Endocrine
Thyroid nodules/cancers, parathyroid, adrenal tumors, pituitary, and MEN syndromes for the Surgery Shelf.
Sources: extracted/theory-endocrine.md (TPOT-Surgery_Endocrine_GI.pdf, pp.57–88); First Aid 2026 (first-aid-usmle-bible).
High-Yield Points
- Solitary thyroid nodule: check TSH first → if normal/high, FNA; if low, radionuclide scan for a "hot" (rarely malignant) nodule. Prior neck irradiation sharply raises cancer risk.
- Papillary carcinoma (most common, ~85%): psammoma bodies, Orphan Annie nuclei, lymphatic spread, excellent prognosis. Follicular: FNA cannot diagnose (needs capsular/vascular invasion on resection), hematogenous spread. Medullary (MTC): parafollicular C cells, calcitonin + amyloid, part of MEN2 — screen/resect pheo first. Anaplastic: elderly, rapidly fixed/invasive, always stage IV, dismal.
- Graves: TSH-receptor-stimulating antibodies (TSI), diffuse goiter + proptosis, undetectable TSH. Thyroid storm (post-op/stress) → β-blocker + antithyroid drug + iodine after the antithyroid drug + steroids.
- Primary hyperparathyroidism: ↑Ca, ↓phosphate, ↑PTH — usually a single adenoma → excise it; 4-gland hyperplasia → subtotal (3.5-gland) or total parathyroidectomy + autotransplant.
- Pheochromocytoma: episodic HTN/headache/diaphoresis, ↑metanephrines; α-blockade (phenoxybenzamine) + volume BEFORE β-blockade; "10% rule."
- Primary hyperaldosteronism (Conn): HTN + hypokalemia + metabolic alkalosis + ↑aldosterone with low renin (↑aldo:renin) → unilateral adenoma cured by adrenalectomy.

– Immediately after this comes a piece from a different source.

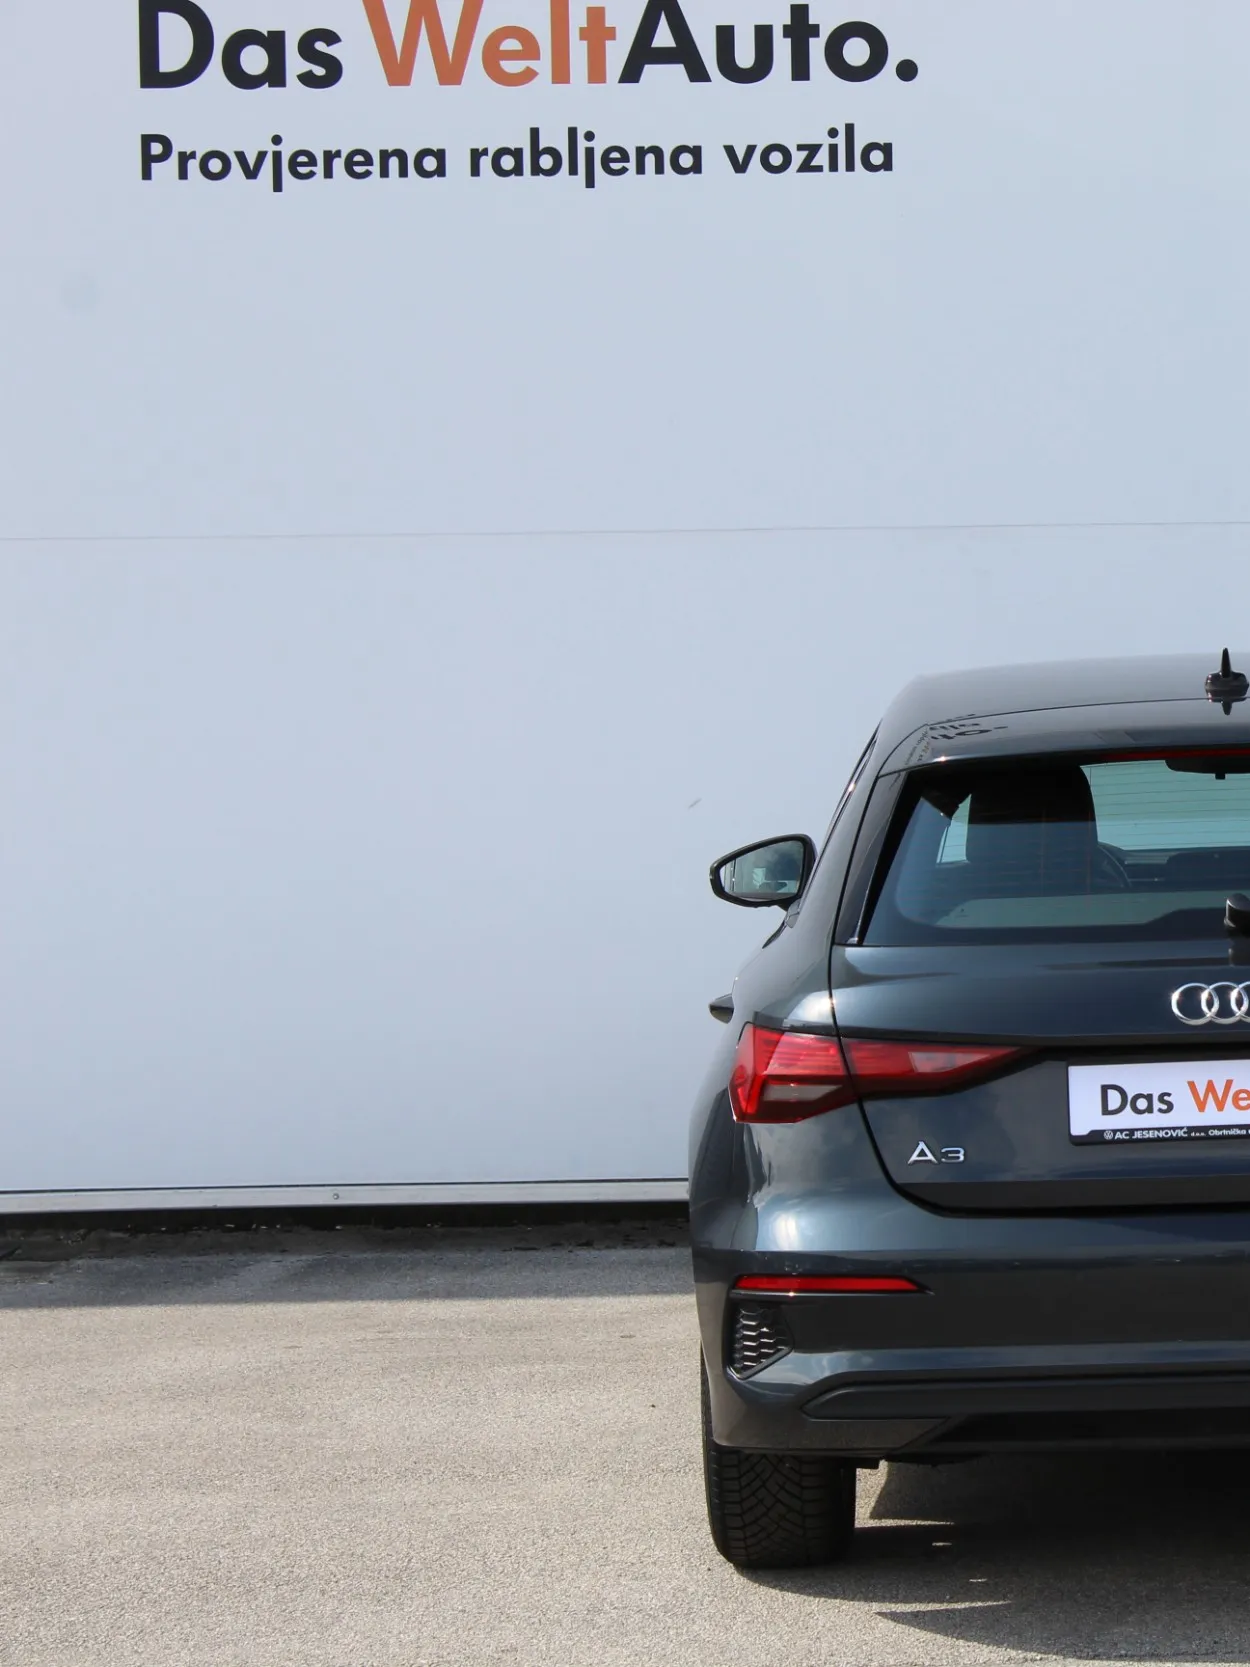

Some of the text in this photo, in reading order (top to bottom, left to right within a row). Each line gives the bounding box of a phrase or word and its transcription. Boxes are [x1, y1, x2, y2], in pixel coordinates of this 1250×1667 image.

- Cushing: confirm with overnight 1-mg dexamethasone + 24-h urinary free cortisol; then ACTH + high-dose dex localizes (pituitary suppresses & ↑ACTH; adrenal = ↓ACTH; ectopic = ↑ACTH, non-suppressible).
- Adrenal incidentaloma: exclude pheo before any biopsy; resect if functional or ≥5 cm, else observe.
- Insulinoma: Whipple triad + ↑insulin AND ↑C-peptide, negative sulfonylurea screen (exogenous insulin = low C-peptide). Prolactinoma (most common pituitary tumor) → dopamine agonist first-line even for macroadenoma.
Key Tables / Differentials
Thyroid cancers
| Type | Hallmark | Spread | Note |
|---|---|---|---|
| Papillary | Psammoma bodies, Orphan Annie nuclei | Lymphatic | Most common, best prognosis |
| Follicular | Capsular/vascular invasion (not FNA) | Hematogenous | FNA can't diagnose |
| Medullary | Calcitonin, amyloid | Both | MEN2; screen pheo first |
| Anaplastic | Undifferentiated giant/spindle cells | Local invasion | Elderly, stage IV, lethal |
MEN syndromes
| Components | Gene | |
|---|---|---|
| MEN1 | 3 Ps: Parathyroid, Pituitary (prolactinoma), Pancreas (gastrinoma) | MEN1 (11q13) |
| MEN2A | MTC + pheo + parathyroid | RET (chr 10) |
| MEN2B | MTC + pheo + mucosal neuromas/marfanoid (NO parathyroid) | RET (chr 10) |
Board Pearls
- High Ca + low phosphate + high PTH = primary hyperparathyroidism (single adenoma).
- Whenever pheo coexists (MEN2), resect the pheo first to avoid intraoperative hypertensive crisis.
- β-blocker before α-blocker in pheo → unopposed α → hypertensive crisis (never do it).
- MTC does not take up radioiodine; calcitonin is its tumor marker.
- Bilateral milky discharge + amenorrhea → check prolactin → prolactinoma → dopamine agonist.
Classic Vignette Triggers
- "Thyroid nodule + prior childhood neck radiation" → FNA (high cancer risk).
- "Hard, rapidly enlarging fixed neck mass + hoarseness in an elderly patient" → anaplastic carcinoma.
- "HTN + spontaneous hypokalemia + metabolic alkalosis" → Conn (low renin, high aldosterone).
- "Spells of headache, palpitations, sweating + paroxysmal HTN" → pheochromocytoma → α- then β-block, resect.
- "Refractory ulcers + diarrhea + hypercalcemia" → gastrinoma in MEN1.
- "Fasting confusion relieved by eating, ↑insulin + ↑C-peptide" → insulinoma.